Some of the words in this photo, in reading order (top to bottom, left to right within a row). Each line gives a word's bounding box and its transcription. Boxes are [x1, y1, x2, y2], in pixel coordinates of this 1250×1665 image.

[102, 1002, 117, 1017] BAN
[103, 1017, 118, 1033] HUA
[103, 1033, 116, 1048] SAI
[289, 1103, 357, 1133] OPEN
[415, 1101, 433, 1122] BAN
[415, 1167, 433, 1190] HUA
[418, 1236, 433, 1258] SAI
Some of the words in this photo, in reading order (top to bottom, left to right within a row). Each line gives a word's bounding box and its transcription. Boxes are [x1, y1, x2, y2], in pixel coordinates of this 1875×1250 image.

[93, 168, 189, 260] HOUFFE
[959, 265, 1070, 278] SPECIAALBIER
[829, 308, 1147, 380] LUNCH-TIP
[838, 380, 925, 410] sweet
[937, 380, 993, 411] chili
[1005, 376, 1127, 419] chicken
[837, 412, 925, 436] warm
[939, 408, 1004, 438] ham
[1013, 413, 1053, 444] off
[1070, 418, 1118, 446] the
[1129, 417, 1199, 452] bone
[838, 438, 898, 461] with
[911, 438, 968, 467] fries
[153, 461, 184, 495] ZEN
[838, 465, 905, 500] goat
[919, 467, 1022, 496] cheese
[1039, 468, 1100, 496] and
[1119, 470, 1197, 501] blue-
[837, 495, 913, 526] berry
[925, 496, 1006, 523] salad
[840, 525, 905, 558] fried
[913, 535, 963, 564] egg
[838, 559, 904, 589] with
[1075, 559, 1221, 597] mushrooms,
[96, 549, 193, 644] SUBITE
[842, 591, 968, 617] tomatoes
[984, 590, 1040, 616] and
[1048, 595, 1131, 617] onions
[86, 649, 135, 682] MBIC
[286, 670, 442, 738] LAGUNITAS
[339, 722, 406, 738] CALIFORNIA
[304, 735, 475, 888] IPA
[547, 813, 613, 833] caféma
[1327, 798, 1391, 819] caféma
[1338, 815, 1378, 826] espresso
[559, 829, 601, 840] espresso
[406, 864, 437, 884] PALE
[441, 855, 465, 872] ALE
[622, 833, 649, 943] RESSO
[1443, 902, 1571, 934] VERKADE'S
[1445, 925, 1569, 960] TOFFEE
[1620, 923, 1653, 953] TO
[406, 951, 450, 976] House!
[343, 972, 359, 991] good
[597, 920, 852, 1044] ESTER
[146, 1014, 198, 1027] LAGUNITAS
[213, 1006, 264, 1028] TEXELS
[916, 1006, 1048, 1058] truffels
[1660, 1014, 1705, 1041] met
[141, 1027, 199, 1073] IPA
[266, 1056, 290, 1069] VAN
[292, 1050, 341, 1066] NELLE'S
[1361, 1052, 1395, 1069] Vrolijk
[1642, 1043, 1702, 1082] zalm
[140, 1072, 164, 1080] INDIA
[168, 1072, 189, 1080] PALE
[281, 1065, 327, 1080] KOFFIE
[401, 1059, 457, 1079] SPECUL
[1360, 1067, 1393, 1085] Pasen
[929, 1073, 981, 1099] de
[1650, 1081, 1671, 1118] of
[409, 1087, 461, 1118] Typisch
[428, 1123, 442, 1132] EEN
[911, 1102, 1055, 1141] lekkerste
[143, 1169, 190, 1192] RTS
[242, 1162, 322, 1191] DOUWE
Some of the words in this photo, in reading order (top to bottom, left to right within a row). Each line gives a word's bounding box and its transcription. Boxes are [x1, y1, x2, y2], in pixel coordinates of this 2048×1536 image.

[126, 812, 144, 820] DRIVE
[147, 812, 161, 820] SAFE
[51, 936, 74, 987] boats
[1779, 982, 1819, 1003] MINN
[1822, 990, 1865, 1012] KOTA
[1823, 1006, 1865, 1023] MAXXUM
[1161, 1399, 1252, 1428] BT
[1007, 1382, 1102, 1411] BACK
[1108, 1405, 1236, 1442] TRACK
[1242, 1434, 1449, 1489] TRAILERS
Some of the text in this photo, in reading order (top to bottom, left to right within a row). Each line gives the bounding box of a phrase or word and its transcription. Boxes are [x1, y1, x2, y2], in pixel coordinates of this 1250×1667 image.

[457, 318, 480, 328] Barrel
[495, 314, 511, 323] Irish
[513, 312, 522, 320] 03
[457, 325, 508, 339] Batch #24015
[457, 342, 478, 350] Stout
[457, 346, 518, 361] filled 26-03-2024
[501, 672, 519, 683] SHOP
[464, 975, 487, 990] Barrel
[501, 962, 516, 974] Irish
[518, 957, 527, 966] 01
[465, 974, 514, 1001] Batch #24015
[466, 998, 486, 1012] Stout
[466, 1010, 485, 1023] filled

■ ■ ■

# [WORK INSTRUCTION]
Copy out all of the data exactly, leaving nothing out.

# [RESPONSE AREA]
Some of the words in this photo, in reading order (top to bottom, left to right within a row). Each line gives a word's bounding box and its transcription. Boxes are [x1, y1, x2, y2], in pixel coordinates of this 1250×1665 image.

[102, 1002, 117, 1017] BAN
[103, 1017, 118, 1033] HUA
[103, 1033, 116, 1048] SAI
[289, 1103, 357, 1133] OPEN
[415, 1101, 433, 1122] BAN
[415, 1167, 433, 1190] HUA
[418, 1236, 433, 1258] SAI
Some of the words in this photo, in reading order (top to bottom, left to right within a row). Each line gives a word's bounding box and its transcription. Boxes are [x1, y1, x2, y2], in pixel coordinates of this 1875×1250 image.

[93, 168, 189, 260] HOUFFE
[959, 265, 1070, 278] SPECIAALBIER
[829, 308, 1147, 380] LUNCH-TIP
[838, 380, 925, 410] sweet
[937, 380, 993, 411] chili
[1005, 376, 1127, 419] chicken
[837, 412, 925, 436] warm
[939, 408, 1004, 438] ham
[1013, 413, 1053, 444] off
[1070, 418, 1118, 446] the
[1129, 417, 1199, 452] bone
[838, 438, 898, 461] with
[911, 438, 968, 467] fries
[153, 461, 184, 495] ZEN
[838, 465, 905, 500] goat
[919, 467, 1022, 496] cheese
[1039, 468, 1100, 496] and
[1119, 470, 1197, 501] blue-
[837, 495, 913, 526] berry
[925, 496, 1006, 523] salad
[840, 525, 905, 558] fried
[913, 535, 963, 564] egg
[838, 559, 904, 589] with
[1075, 559, 1221, 597] mushrooms,
[96, 549, 193, 644] SUBITE
[842, 591, 968, 617] tomatoes
[984, 590, 1040, 616] and
[1048, 595, 1131, 617] onions
[86, 649, 135, 682] MBIC
[286, 670, 442, 738] LAGUNITAS
[339, 722, 406, 738] CALIFORNIA
[304, 735, 475, 888] IPA
[547, 813, 613, 833] caféma
[1327, 798, 1391, 819] caféma
[1338, 815, 1378, 826] espresso
[559, 829, 601, 840] espresso
[406, 864, 437, 884] PALE
[441, 855, 465, 872] ALE
[622, 833, 649, 943] RESSO
[1443, 902, 1571, 934] VERKADE'S
[1445, 925, 1569, 960] TOFFEE
[1620, 923, 1653, 953] TO
[406, 951, 450, 976] House!
[343, 972, 359, 991] good
[597, 920, 852, 1044] ESTER
[146, 1014, 198, 1027] LAGUNITAS
[213, 1006, 264, 1028] TEXELS
[916, 1006, 1048, 1058] truffels
[1660, 1014, 1705, 1041] met
[141, 1027, 199, 1073] IPA
[266, 1056, 290, 1069] VAN
[292, 1050, 341, 1066] NELLE'S
[1361, 1052, 1395, 1069] Vrolijk
[1642, 1043, 1702, 1082] zalm
[140, 1072, 164, 1080] INDIA
[168, 1072, 189, 1080] PALE
[281, 1065, 327, 1080] KOFFIE
[401, 1059, 457, 1079] SPECUL
[1360, 1067, 1393, 1085] Pasen
[929, 1073, 981, 1099] de
[1650, 1081, 1671, 1118] of
[409, 1087, 461, 1118] Typisch
[428, 1123, 442, 1132] EEN
[911, 1102, 1055, 1141] lekkerste
[143, 1169, 190, 1192] RTS
[242, 1162, 322, 1191] DOUWE
Some of the words in this photo, in reading order (top to bottom, left to right within a row). Each line gives a word's bounding box and its transcription. Boxes are [x1, y1, x2, y2], in pixel coordinates of this 2048×1536 image.

[126, 812, 144, 820] DRIVE
[147, 812, 161, 820] SAFE
[51, 936, 74, 987] boats
[1779, 982, 1819, 1003] MINN
[1822, 990, 1865, 1012] KOTA
[1823, 1006, 1865, 1023] MAXXUM
[1161, 1399, 1252, 1428] BT
[1007, 1382, 1102, 1411] BACK
[1108, 1405, 1236, 1442] TRACK
[1242, 1434, 1449, 1489] TRAILERS
Some of the text in this photo, in reading order (top to bottom, left to right within a row). Each line gives the bounding box of a phrase or word and its transcription. Boxes are [x1, y1, x2, y2], in pixel coordinates of this 1250×1667 image.

[457, 318, 480, 328] Barrel
[495, 314, 511, 323] Irish
[513, 312, 522, 320] 03
[457, 325, 508, 339] Batch #24015
[457, 342, 478, 350] Stout
[457, 346, 518, 361] filled 26-03-2024
[501, 672, 519, 683] SHOP
[464, 975, 487, 990] Barrel
[501, 962, 516, 974] Irish
[518, 957, 527, 966] 01
[465, 974, 514, 1001] Batch #24015
[466, 998, 486, 1012] Stout
[466, 1010, 485, 1023] filled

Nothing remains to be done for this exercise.